Riassumendo, la valutazione dei progressi e degli esiti degli alunni con disabilità può comprendere aree appartenenti agli obiettivi curricolari dell’anno di frequenza, o essere riferito a obiettivi differenti all’interno delle stesse aree (es. competenze di base nella letto-scrittura), o ancora comprendere aree che non sono normalmente inserite all’interno degli obiettivi curricolari annuali (es. comunicazione, mobilità, socializzazione) e che possono estendersi al di fuori del percorso scolastico (es. partecipazione nell’extra scuola, esiti nel post scuola e nella vita adulta).

La valutazione comparativa, nazionale e delle scuole dei risultati di apprendimento degli alunni con disabilità

Possiamo distinguere tre tipologie di valutazione degli outcomes degli studenti: rilevazioni internazionali comparative (es. PISA), rilevazioni nazionali (es. Invalsi), e valutazioni formative e sommative condotte dagli insegnanti all’interno delle loro classi. A differenza delle prime due tipologie di valutazione, la terza generalmente non prevede il ricorso a strumenti standardizzati e modalità rigorose di rilevazione, ma è affidata alle scelte degli insegnanti.

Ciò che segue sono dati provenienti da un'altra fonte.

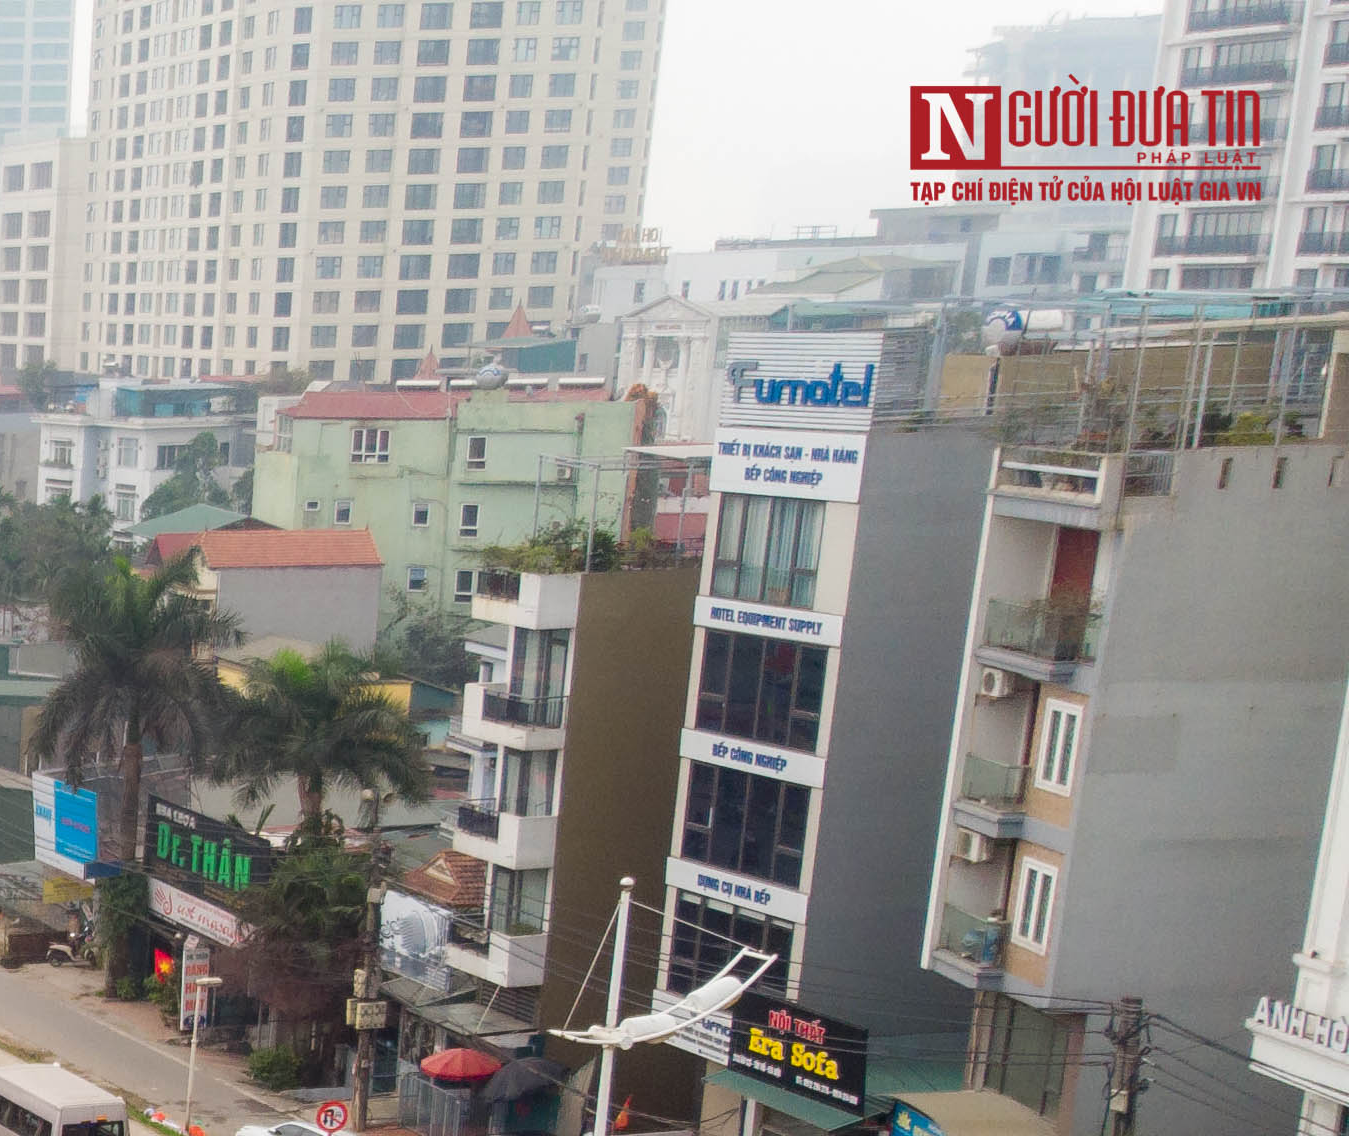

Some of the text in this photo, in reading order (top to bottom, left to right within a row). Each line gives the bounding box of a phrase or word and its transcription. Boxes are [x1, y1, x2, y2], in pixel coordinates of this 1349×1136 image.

[718, 439, 741, 456] THIẾT
[753, 442, 782, 459] KHÁCH
[785, 446, 803, 463] SẠN
[832, 448, 858, 465] HÀNG
[744, 464, 823, 489] BẾP CÔNG NGHIỆP
[710, 606, 823, 636] HOTEL EQUIPMENT SUPPLY
[712, 741, 788, 775] BẾP CÔNG NGHIỆP
[190, 834, 252, 891] THÂN
[754, 887, 771, 906] BẾP
[769, 1009, 826, 1045] NỘI THẤT
[1253, 996, 1308, 1039] ANH
[791, 1042, 840, 1081] Sofa

In questo paragrafo si considereranno alcune esperienze di valutazione dei progressi e dei risultati di apprendimento condotte a livello internazionale, nazionale e di singole scuole.

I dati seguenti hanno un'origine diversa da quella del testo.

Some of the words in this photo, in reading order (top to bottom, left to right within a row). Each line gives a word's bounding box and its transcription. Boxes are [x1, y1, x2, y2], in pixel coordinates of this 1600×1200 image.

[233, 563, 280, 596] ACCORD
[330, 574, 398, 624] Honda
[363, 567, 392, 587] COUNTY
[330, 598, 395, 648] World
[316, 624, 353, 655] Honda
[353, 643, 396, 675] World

Partiamo dalla prima tipologia di valutazione, quella internazionale e comparativa, finalizzata a confrontare i risultati di apprendimento nelle principali aree curricolari (es. competenze matematiche e nella lingua di insegnamento). I più noti sono gli studi PISA, condotti dall’OECD. Nonostante i tentativi di mettere a disposizione adattamenti, promuovere modalità alternative e strumenti aggiuntivi, di fatto molteplici categorie di alunni continuano ad essere esclusi da queste rilevazioni: non solo alunni con disabilità intellettiva o con grave disabilità, ma anche alunni con limitate competenze nella lingua di insegnamento. All’interno delle singole scuole incluse nel campione oggetto di rilevazione, la percentuale di esclusione si attesta attorno al 2% (Smith e Douglas, 2014). Tale percentuale varia da Paese a Paese, ma ciò dipende da due principali fattori a livello nazionale: la percentuale di alunni che rientrano nella categoria SEND (Special Educational Needs and Disability) e la percentuale di alunni SEND che frequentano la scuola speciale. Dal momento che la percentuale di alunni che ricadono nella categoria SEND varia notevolmente da Paese a Paese, così come la relativa percentuale di alunni SEND che frequenta il sistema di istruzione generale (vedi ad esempio EASNIE, 2020), i dati raccolti dai test PISA escludono di fatto non solo porzioni differenti di popolazione scolastica ma anche tipologie di bisogni diverse (es. alcuni Paesi potrebbero escludere porzioni maggiori di alunni con difficoltà di apprendimento, di recente immigrazione o appartenenti a minoranze). Inoltre, la percentuale di esclusione può risultare bassa solo in apparenza, poiché un’altra modalità con cui questa minoranza di alunni viene esclusa dal campione è quella di non comprendere le piccole scuole o le scuole che si trovano in aree remote e, tra queste, in molti Paesi vi sono appunto le scuole speciali (Smith e Douglas, 2014). Ne deriva una mancanza di dati su questi studenti e l’impossibilità di verificare se il sistema garantisca il raggiungimento di adeguati risultati di apprendimento in questa porzione di popolazione.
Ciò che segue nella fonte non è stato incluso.